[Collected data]
*** Begin section ***
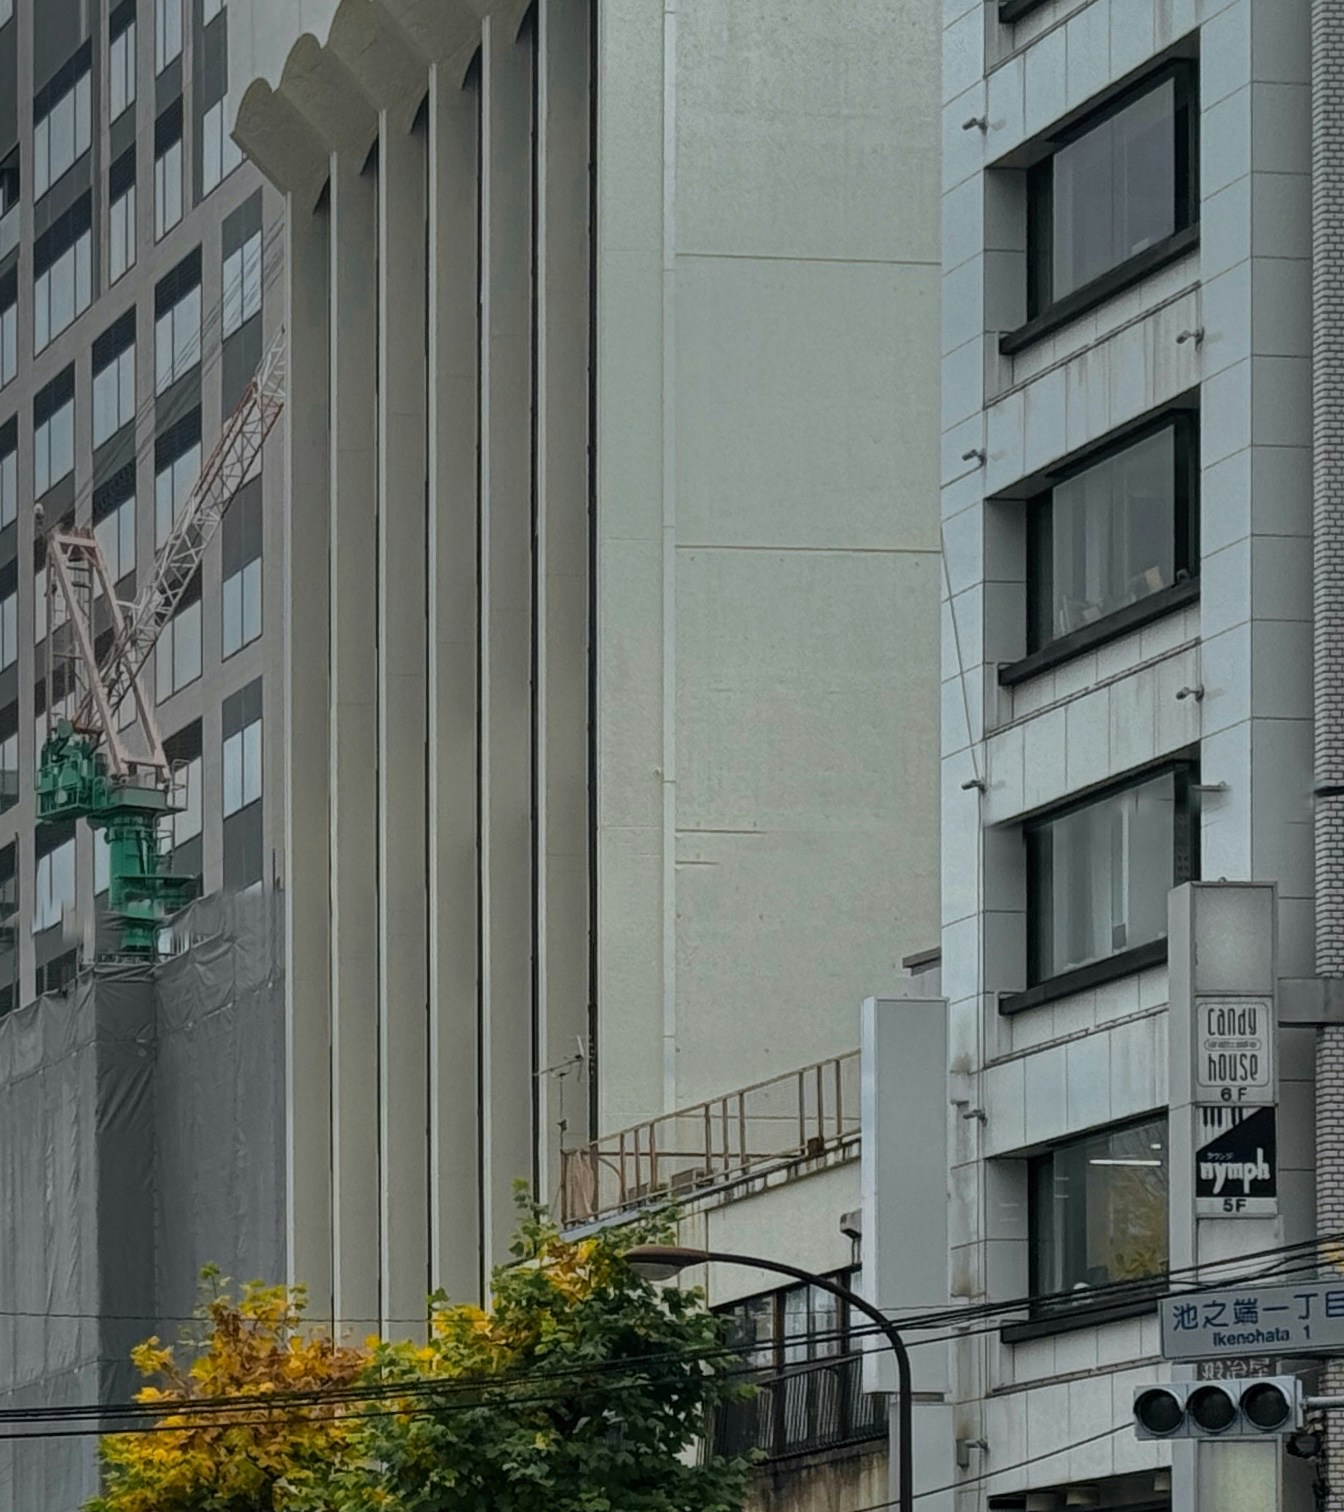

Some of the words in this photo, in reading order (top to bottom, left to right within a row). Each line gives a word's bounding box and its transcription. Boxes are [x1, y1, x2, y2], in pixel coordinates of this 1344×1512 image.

[1208, 1008, 1257, 1036] candy
[1208, 1053, 1258, 1082] house
[1200, 1147, 1271, 1195] nymph
[1223, 1199, 1247, 1212] 5F
[1214, 1328, 1290, 1347] Ikenohata
[1303, 1325, 1311, 1340] 1
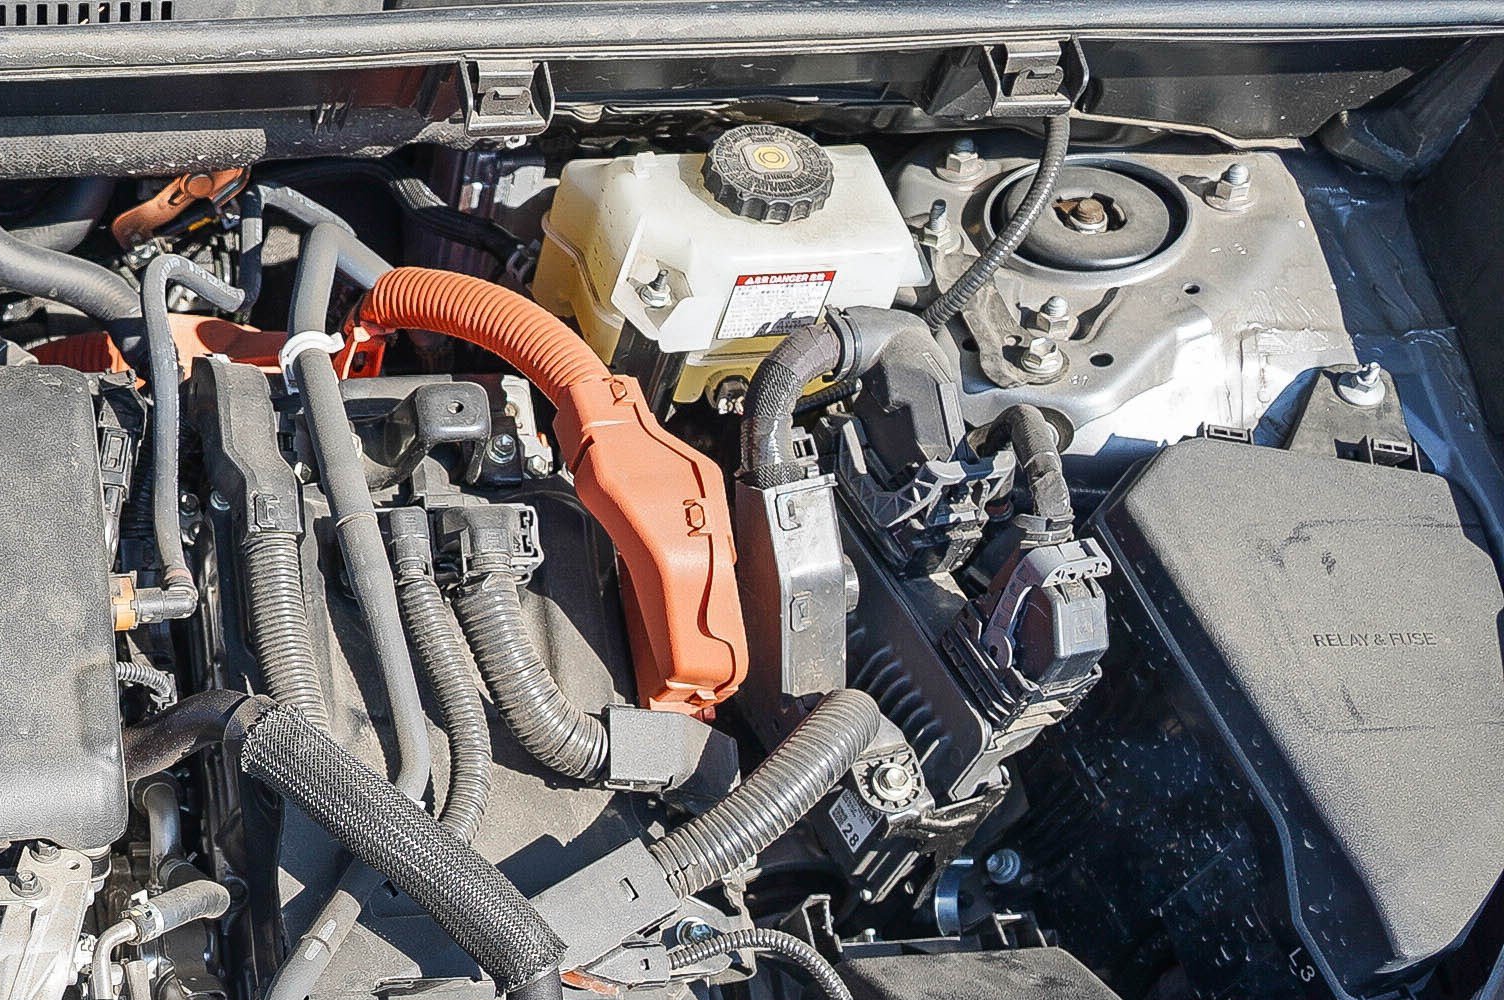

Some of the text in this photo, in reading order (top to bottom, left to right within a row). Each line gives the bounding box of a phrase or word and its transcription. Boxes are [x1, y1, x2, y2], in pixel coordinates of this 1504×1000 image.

[769, 274, 809, 284] DANGER
[1312, 632, 1438, 647] RELAY & FUSE
[842, 822, 860, 847] 28
*** End section ***
_Exercise goal_
A verbatim copy of the entries, stripped of pictures, should be produced.

_Answer space_
Some of the words in this photo, in reading order (top to bottom, left to right within a row). Each line gives a word's bounding box and its transcription. Boxes are [x1, y1, x2, y2], in pixel coordinates of this 1344×1512 image.

[1208, 1008, 1257, 1036] candy
[1208, 1053, 1258, 1082] house
[1200, 1147, 1271, 1195] nymph
[1223, 1199, 1247, 1212] 5F
[1214, 1328, 1290, 1347] Ikenohata
[1303, 1325, 1311, 1340] 1

Some of the text in this photo, in reading order (top to bottom, left to right within a row). Each line gives the bounding box of a phrase or word and its transcription. Boxes are [x1, y1, x2, y2], in pixel coordinates of this 1504×1000 image.

[769, 274, 809, 284] DANGER
[1312, 632, 1438, 647] RELAY & FUSE
[842, 822, 860, 847] 28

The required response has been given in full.